_WHAT THIS TASK INVOLVES_: Return the entries below in their exact form, leaving the pictures out.

_SUPPLIED MATERIAL_:
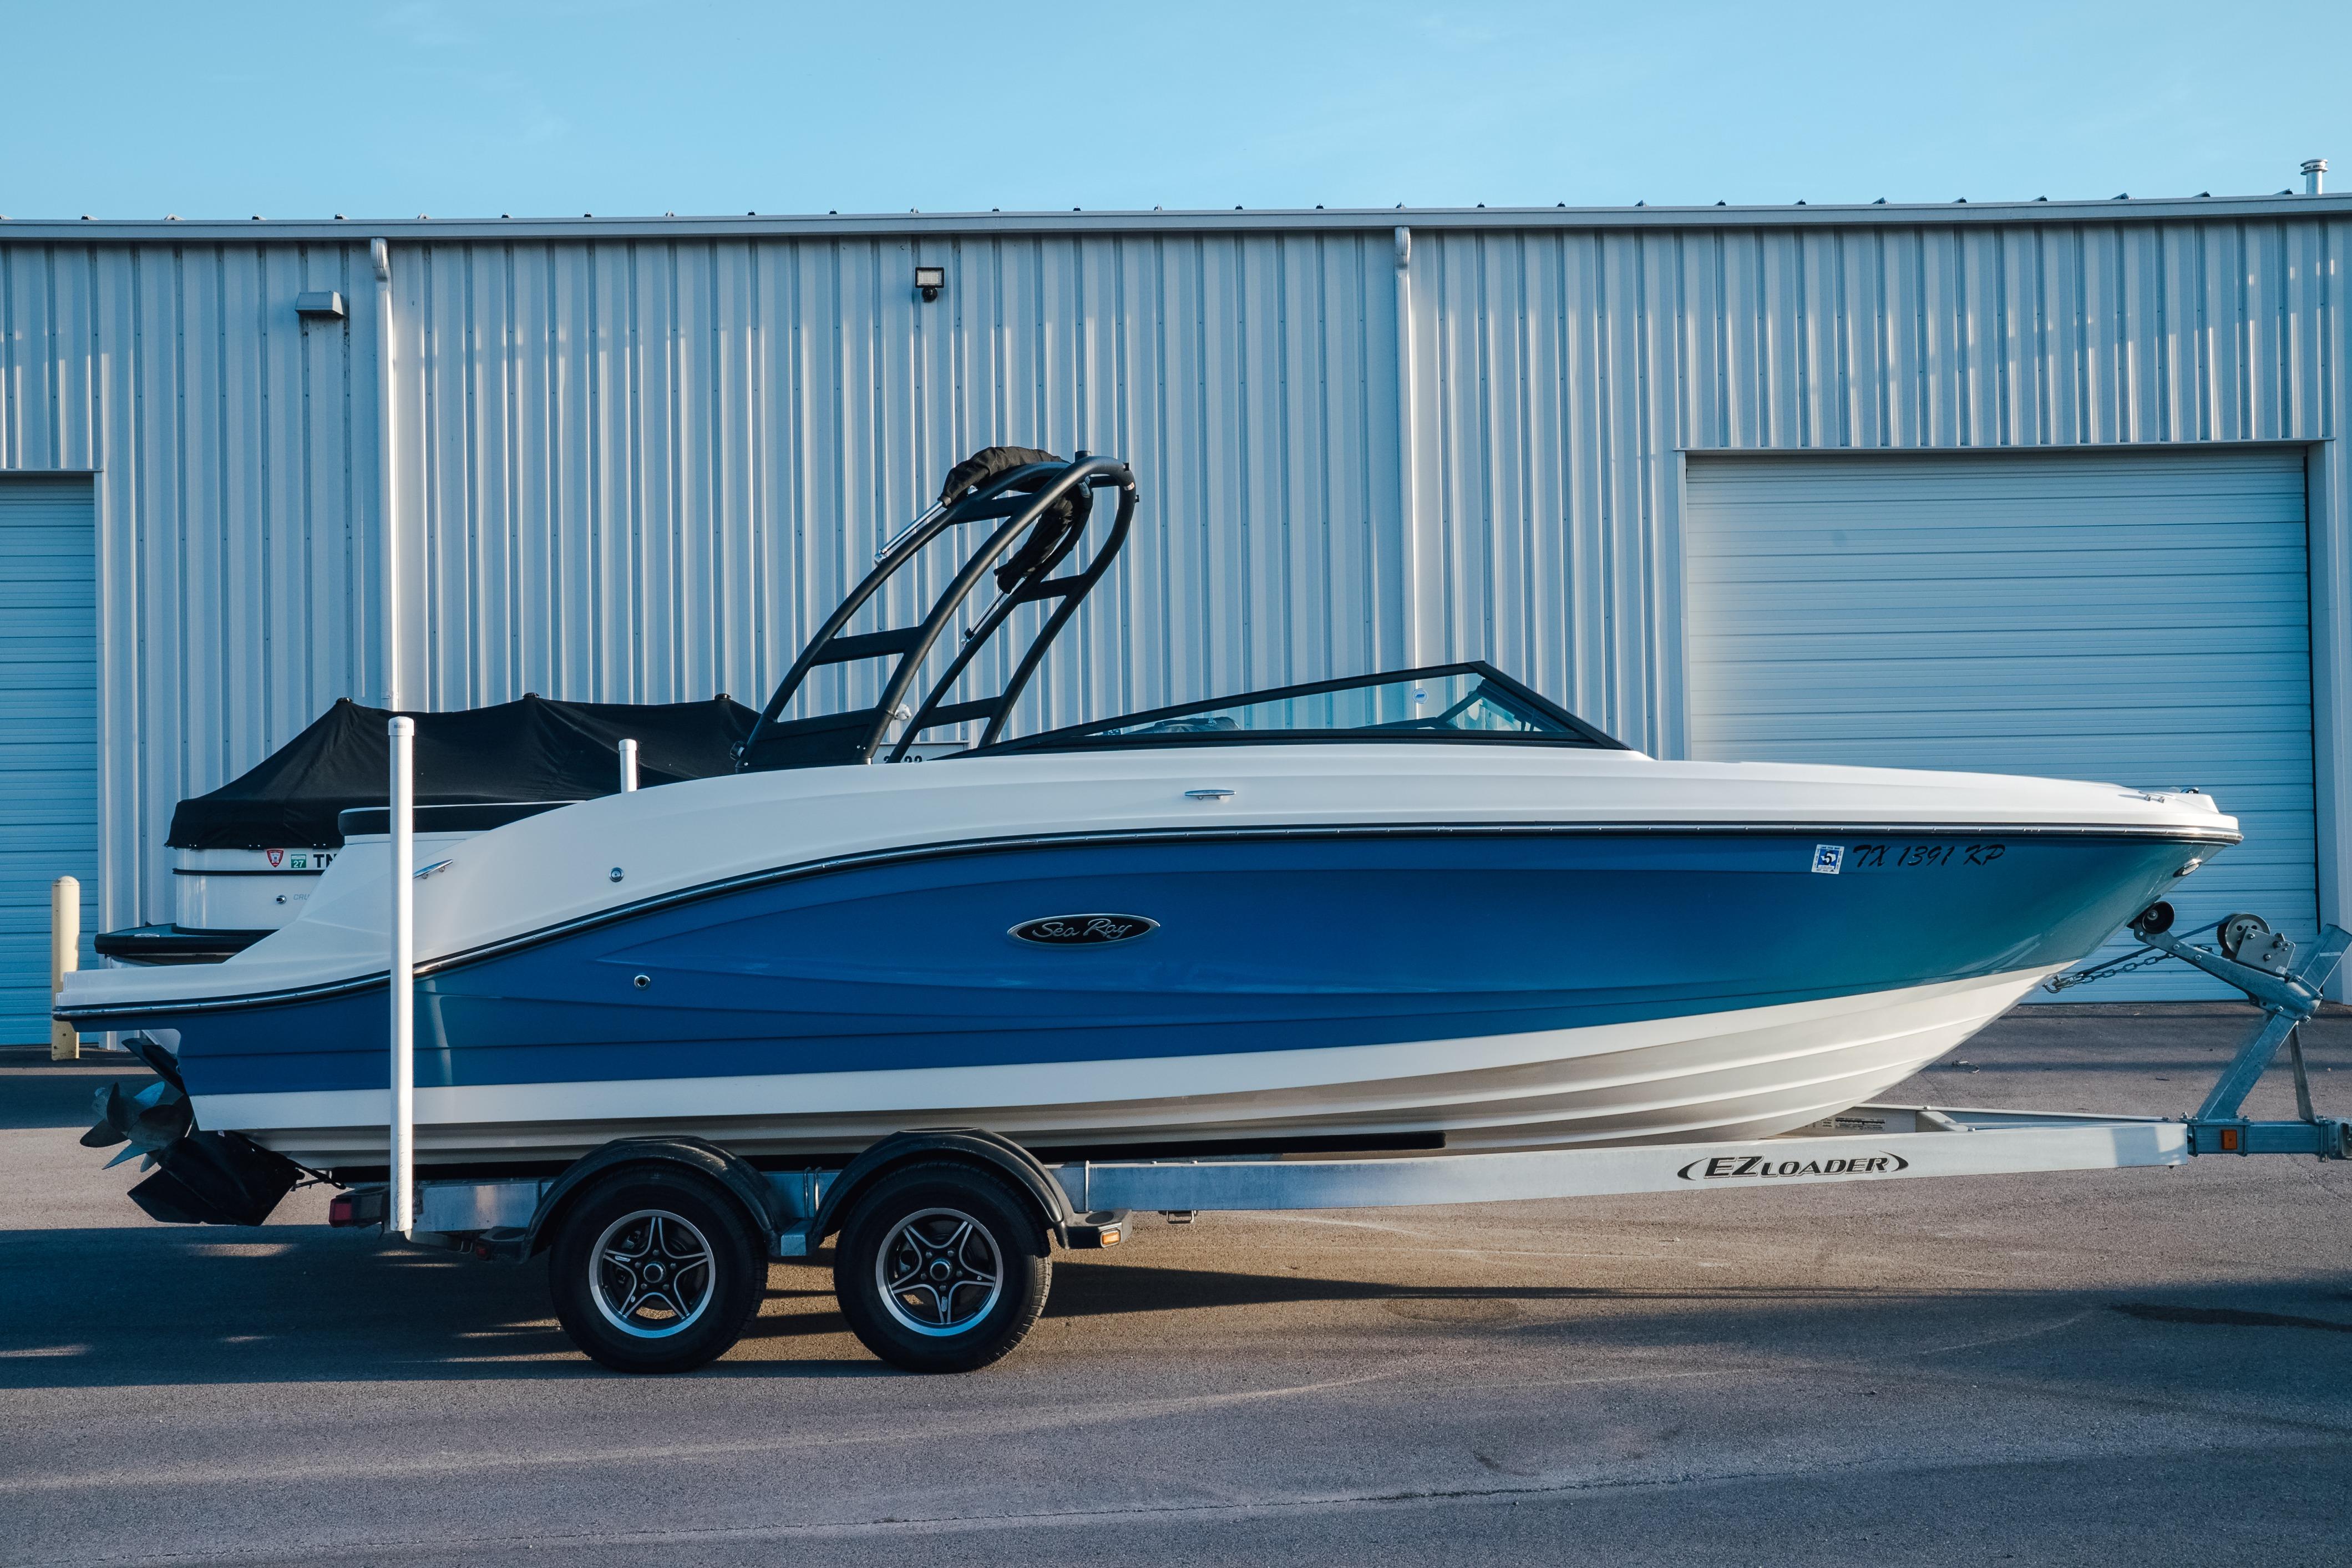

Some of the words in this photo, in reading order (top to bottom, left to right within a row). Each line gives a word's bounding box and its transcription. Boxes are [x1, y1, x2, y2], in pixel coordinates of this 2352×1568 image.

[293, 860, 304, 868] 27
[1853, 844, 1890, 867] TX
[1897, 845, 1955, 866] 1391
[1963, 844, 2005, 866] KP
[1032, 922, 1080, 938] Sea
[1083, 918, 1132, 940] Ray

_OUTPUT OF THE EXERCISE_:
Some of the words in this photo, in reading order (top to bottom, left to right within a row). Each line gives a word's bounding box and its transcription. Boxes are [x1, y1, x2, y2], in pixel coordinates of this 2352×1568 image.

[293, 860, 304, 868] 27
[1853, 844, 1890, 867] TX
[1897, 845, 1955, 866] 1391
[1963, 844, 2005, 866] KP
[1032, 922, 1080, 938] Sea
[1083, 918, 1132, 940] Ray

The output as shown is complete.